Le mot Tenet, traduit par "précepte" dans les sous-titres, désigne un principe de vie, une règle à laquelle on se tient. C’est dans cet esprit que Christopher Nolan déploie son film. Il a un principe : écrire au palindrome, et il s’y tient. Le film trouve son axe de symétrie dans une scène centrale qui permettrait de le plier en deux. Mais pas seulement. Les scènes aussi sont symétriques, tout comme le sort de ses protagonistes.

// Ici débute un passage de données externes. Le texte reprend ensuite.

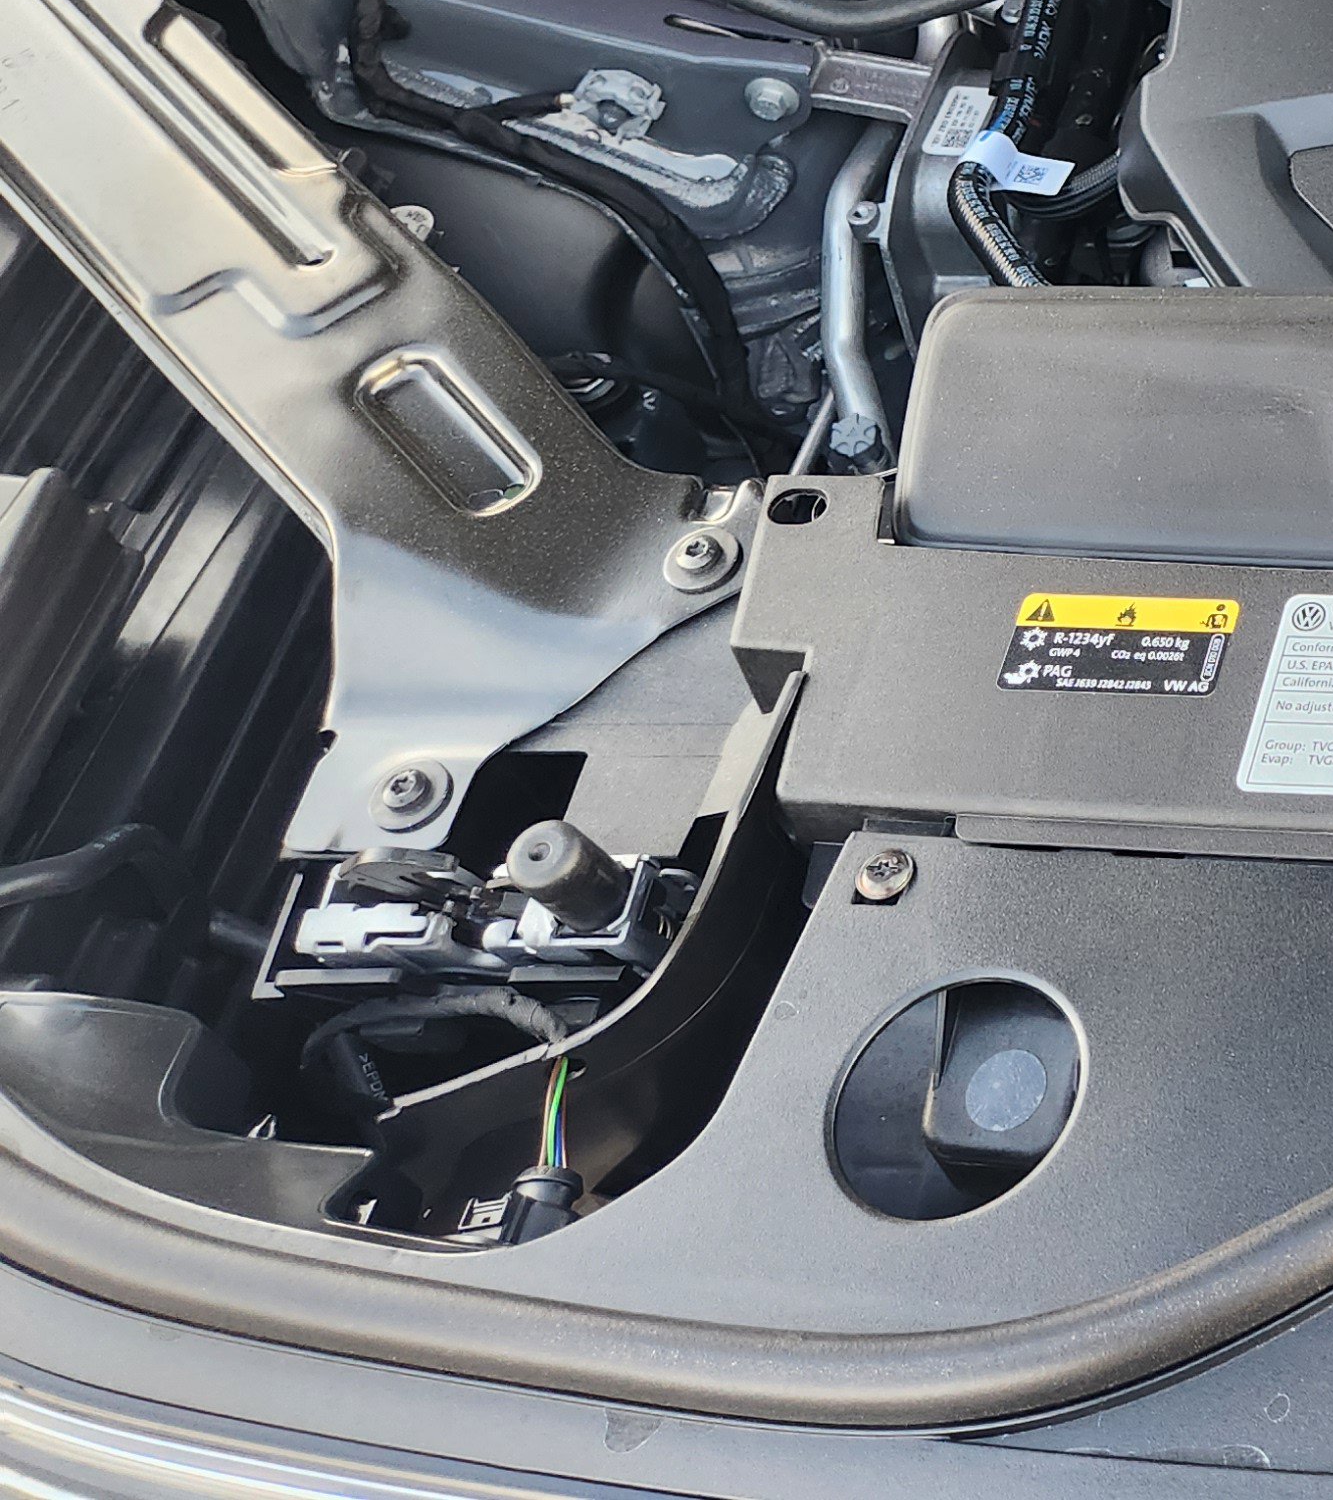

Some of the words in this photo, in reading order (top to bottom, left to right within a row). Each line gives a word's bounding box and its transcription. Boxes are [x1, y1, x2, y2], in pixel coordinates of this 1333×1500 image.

Est-ce que ça marche ? Sûrement. Mais comment le savoir du premier coup ? Il faudrait pouvoir revoir le film avec cette astuce en tête pour le vérifier. La découverte de Tenet laisse inévitablement le sentiment de s’être arrêté à mi-parcours. C’est alors que la comparaison avec Inception retrouve sa pertinence : il faut voir, revoir et re-revoir Tenet pour en comprendre les méandres. Les théories des fans iront sûrement bon train pendant la décennie à venir.
Les fans de Christopher Nolan – et ils sont nombreux – sont déjà convaincus. Mais le reste du monde existe encore et aura plus de mal à se laisser séduire par ce James Bond qui se rembobine et se débobine jusqu’à l’épuisement. On peut s’amuser à ne rien comprendre. C’est presque le principe du film d’espionnage. Mais Tenet se radicalise jusqu’à nous laisser perplexes sur la nature de ce qui se déroule sous nos yeux.

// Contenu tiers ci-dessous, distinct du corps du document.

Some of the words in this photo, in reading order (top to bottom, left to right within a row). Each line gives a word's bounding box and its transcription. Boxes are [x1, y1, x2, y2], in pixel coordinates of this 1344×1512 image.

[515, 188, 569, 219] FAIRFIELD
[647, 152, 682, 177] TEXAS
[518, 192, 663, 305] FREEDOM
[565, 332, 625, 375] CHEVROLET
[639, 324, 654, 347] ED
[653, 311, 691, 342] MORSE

Les tours de passe-passe et les coups de théâtre de petit malin se multiplient jusqu’à ce qu’on se désintéresse du sort de ces braves héros, éternellement incertains eux-mêmes de tenir une place centrale dans un récit qu’ils peinent autant que nous à apprivoiser. On ne sait plus qui a rencontré qui, ni comment et pourquoi. Mais qu’on se rassure : on n’a pas l’air beaucoup mieux informé de l’autre côté de l’écran. Et quand l’envie nous vient de jeter l’éponge et de rentrer se coucher de bonne heure, un ultime argument nous maintient tout de même au fond de notre siège.
Le théorème de Nolan
Malgré ses étourdissantes arabesques, le cinéma de Christopher Nolan n’a pas de mépris pour les cerveaux lents. Certes, il faut faire des études scientifiques poussées pour saisir les subtilités de Tenet, qui ne s’abaissera jamais à ralentir la cadence pour ceux qui sont à la traîne. Mais dans un paysage cinématographique peuplé de superhéros, de remakes, de reboots, de suites, d’univers interconnectés, de sagas et de franchises, comment ne pas se laisser séduire par un grand spectacle qui se donne le mal de proposer de l’inédit ?
Certes, John David Washington (fils de Denzel Washington) n’est pas Leonardo DiCaprio. Mais comment faire la fine bouche devant un film d’action où Kenneth Branagh joue le méchant, où le meilleur ami du héros est campé par Robert Pattinson et où l’on croise Michael Caine et Clémence Poésy le temps d’une scène ? L’entreprise a coûté 205 millions de dollars et chaque centime est investi dans le spectacle. Nombreux seront les mauvais coucheurs et le film ne retrouvera probablement pas le succès d’Inception. Mais qui aura l’audace de se sentir volé du prix de son billet ?
Et si l’exercice peut laisser de marbre, il suffit d’imaginer la difficulté d’écrire une histoire en palindromes pour mesurer l’ampleur de la tâche. Une fois l’action située à Laval, le syndrome de la page blanche se fait bientôt sentir. Moi-même, voilà bientôt deux heures que j’essaie de caser dans cet article "Ésope reste ici et se repose".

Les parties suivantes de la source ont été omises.